2) Offensive Philosophy & Execution: The offense struggled to adapt to an inexperienced quarterback against strong, talent-parity opponents. Red zone efficiency was inefficient, and there were persistent issues when the offensive line was under pressure. Continued use of long-developing routes while the line sagged, questionable third-down calls favoring tight ends over weapons with more scoring potential, and a mismatch between silent-count schemes and game tempo contributed to stalled drives.
- Remedy: Bring in Arthur Smith as the new offensive coordinator and Cortez Hankton to strengthen pass-game and overall play design. These moves aim to modernize the scheme, improve situational decision-making, and better leverage the offense’s personnel.
3) Talent Evaluation: There were notable misses in the transfer portal era, including an overestimation of the tight end room, and a misalignment in the backfield depth where RB4 effectively became RB1 to start the year. Even walk-on contributors at WRU highlighted gaps in evaluation and depth.
- Remedy: A cautious, ongoing process of portal and roster refinement. Patience remains essential as the staff recalibrates talent assessment and integration.
4) Personnel Decisions: Allowing a first-time play-caller to manage the entire offense created negative ripple effects across position groups. The coordinator’s departure around the Big Ten Championship, plus the hiring of an offensive line coach with a broader specialty beyond OL, signaled mismatches between coaching responsibilities and the team’s immediate needs.
- Remedy: Prepare for deliberate, well-considered changes—even if they introduce short-term disruption—as the program realigns leadership and expertise to better fit the modern game.
A quick aside: the Mississippi-to-OH consensus in this analysis isn’t that every issue is fatal or unique to Ohio State. Indiana’s success in a flattened talent landscape demonstrates that top teams can win without a flawless Combine performance or perfect portal class. It’s a reminder that the talent pool is broader and the competitive bar is higher than ever.

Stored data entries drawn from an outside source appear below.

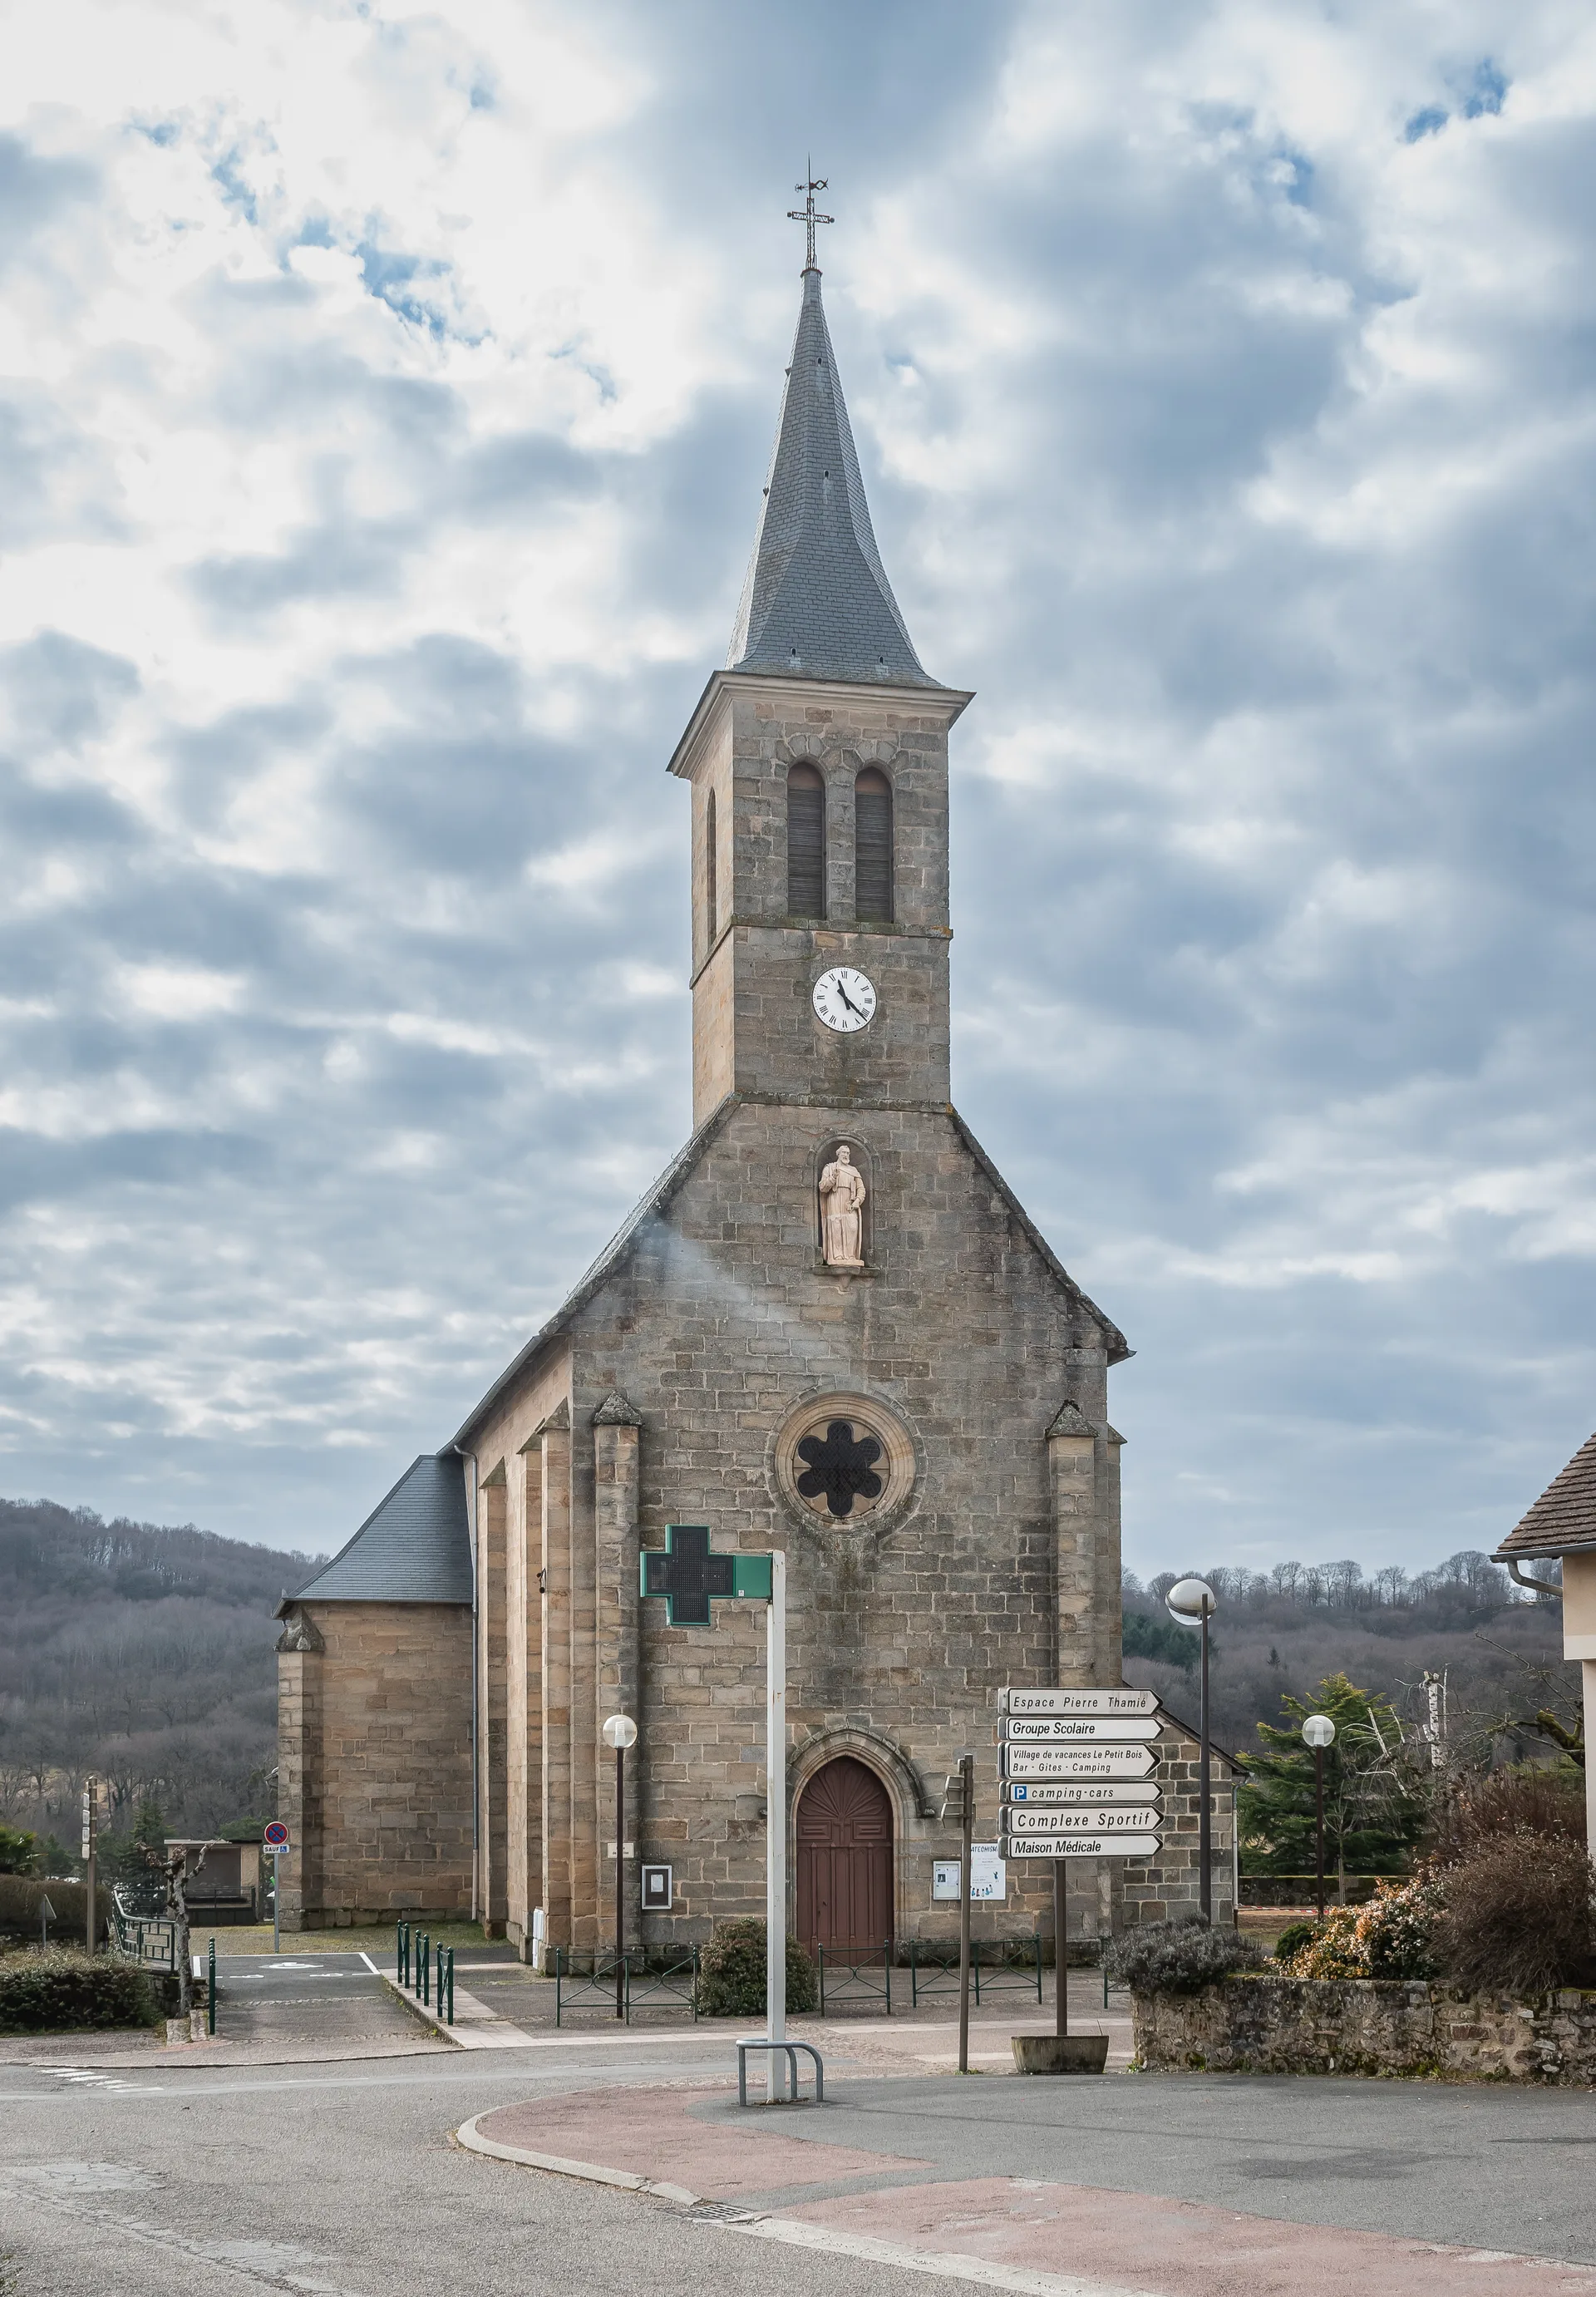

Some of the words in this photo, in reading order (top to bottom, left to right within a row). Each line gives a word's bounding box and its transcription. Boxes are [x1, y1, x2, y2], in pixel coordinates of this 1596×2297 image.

[1013, 1697, 1055, 1709] Espace
[1063, 1697, 1098, 1708] Pierre
[1108, 1697, 1146, 1708] Thamié
[1012, 1722, 1050, 1737] Groupe
[1053, 1722, 1096, 1734] Scolaire
[1013, 1750, 1040, 1761] Village
[1042, 1750, 1052, 1759] de
[1093, 1750, 1103, 1759] Le
[1104, 1750, 1123, 1759] Petit
[1126, 1750, 1143, 1759] Bois
[1012, 1763, 1028, 1772] Bar
[1072, 1763, 1111, 1773] Camping
[1017, 1787, 1025, 1798] P
[1032, 1789, 1114, 1800] camping-cars
[1017, 1814, 1089, 1829] Complexe
[1097, 1812, 1150, 1828] Sportif
[1015, 1841, 1052, 1853] Maison
[1055, 1841, 1101, 1853] Médicale

What about the Combine’s actual standouts? The pieces highlighted there weren’t players who had started at their primary positions for three full seasons, underscoring how much the program’s struggles were tied to internal management rather than outside acquisitions alone. The need for a reliable kicker remains urgent; replacing Noah Ruggles’ legacy with a durable, consistent option is a clear, practical goal.
Other structural shifts—like Day stepping back from non-head-coach duties and the move to reassign play-calling responsibilities to a more experienced voice—were steps in the right direction. Yet the broader lesson remains: in 2026, Ohio State will need to be more agile, with clearer leadership and deeper, more adaptable depth to compete at the highest level.
Bottom line: the 2025 season was unusual, but not a one-off anomaly. The Buckeyes face a fast-moving reality where rebuilding is no longer a linear process, and success hinges on disciplined execution, smarter talent evaluation, and stronger, more intentional game planning. Indiana’s example proves you don’t need an NFL Combine-backed wave of star recruits to win big; you need a coherent plan, sharp execution, and the willingness to adjust quickly when the landscape shifts.
As Ohio State enters 2026 with a younger roster and renewed staff, there’s a plausible path to a championship run that’s more about recalibrated strategy and resilient execution than about chasing past glories. The key question to ponder: will these changes be enough to transform the program into a consistently elite contender again, or will the pace of change overwhelm even the best-laid plans?